Phylogenetic Comparative Analyses
To comparatively analyze relationships between morphology and song while accounting for phylogenetic history, we used the maximum clade credibility tree and a 50-tree subset of the posterior distribution presented in the work of Burns et al. (2014) to study trait evolution using R packages phytools, ape, and nlme (Revell et al. 2012, Paradis et al. 2015, Pinheiro et al. 2020). For each trait, we implemented Pagel’s lambda model of character evolution using phylogenetic generalized least squares (PGLS, Grafen 1989). We inferred the optimal value of the lambda parameter, which incorporates branch-length transformations that correspond to the strength of phylogenetic signal in the PGLS models and adjusts the variance–covariance matrix accordingly. We ensured that residuals for each PGLS model approximated a normal distribution by plotting the residuals of each song variable and log-transforming variables as needed (Supplementary Material Figures S2 and S3). We chose not to transform the following song variables: high frequency, peak frequency, average note frequency range, song frequency range, maximum frequency shift, and trill rate as their untransformed residuals approximated a normal distribution. We log-transformed average note, average pause, low frequency, frequency shift rate, and note rate as their residuals exhibited a non-normal distribution (Freckleton et al. 2002; R code is available in Demery et al. 2021). We also removed any outlier species with studentized residuals that had an absolute value larger than 3, as we were interested in exploring general trends between morphological and song variables on a macroevolutionary scale, and thus determined that outliers beyond this conventional threshold would detract from that goal (Jones and Purvis 1997, Webster et al. 2004).
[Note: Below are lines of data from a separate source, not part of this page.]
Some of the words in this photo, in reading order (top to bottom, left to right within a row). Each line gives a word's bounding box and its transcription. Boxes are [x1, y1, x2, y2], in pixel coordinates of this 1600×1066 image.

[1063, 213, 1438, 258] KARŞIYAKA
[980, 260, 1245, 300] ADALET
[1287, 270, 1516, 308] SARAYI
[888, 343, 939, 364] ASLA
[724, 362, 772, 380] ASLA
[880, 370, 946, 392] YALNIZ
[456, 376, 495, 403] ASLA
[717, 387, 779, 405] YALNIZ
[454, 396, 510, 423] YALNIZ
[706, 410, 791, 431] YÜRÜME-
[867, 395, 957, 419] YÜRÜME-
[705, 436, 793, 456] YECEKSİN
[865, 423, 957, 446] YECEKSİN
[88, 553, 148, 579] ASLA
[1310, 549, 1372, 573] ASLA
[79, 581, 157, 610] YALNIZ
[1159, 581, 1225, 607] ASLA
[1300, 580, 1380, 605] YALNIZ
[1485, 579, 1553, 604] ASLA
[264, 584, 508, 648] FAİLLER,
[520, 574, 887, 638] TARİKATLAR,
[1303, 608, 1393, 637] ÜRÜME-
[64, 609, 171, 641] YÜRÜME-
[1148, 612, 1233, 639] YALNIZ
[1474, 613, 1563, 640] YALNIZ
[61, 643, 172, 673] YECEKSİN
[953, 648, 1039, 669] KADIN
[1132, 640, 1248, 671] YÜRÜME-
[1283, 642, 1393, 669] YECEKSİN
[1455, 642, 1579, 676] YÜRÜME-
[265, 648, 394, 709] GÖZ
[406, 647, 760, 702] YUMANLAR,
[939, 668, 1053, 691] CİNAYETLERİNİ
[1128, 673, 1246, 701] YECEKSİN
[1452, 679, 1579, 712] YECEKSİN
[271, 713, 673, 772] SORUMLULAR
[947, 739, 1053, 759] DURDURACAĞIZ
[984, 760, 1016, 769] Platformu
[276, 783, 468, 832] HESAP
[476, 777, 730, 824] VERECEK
We ran separate PGLS models for each of the 11 vocal characters as response variables and PC1, PC2, and tarsus length as main effects. We then subsequently evaluated the magnitude and directionality of each main effect by examining the average T values and P values in concert with 0.95% highest posterior density (HDI) using the package HDInterval (Meredith and Kruschke 2016).
RESULTS
We focused our comparative analyses on the first 2 bill morphology PCA axes, which totaled 96.20% of cumulative morphological variation (Figure 2). PC1 accounts for 82.11% of the total variation and all traits had loadings in the same direction. Thus, PC1 corresponded to bill size, in which species with smaller bills had lower scores and species with larger bills had higher scores (Figure 2). PC2 accounts for 14.09% of the total variation and represents a contrast between bill length vs. bill width and depth, in which species with smaller values have shorter more conical bills, while species with higher PC2 values have narrower, longer bills (Figure 2).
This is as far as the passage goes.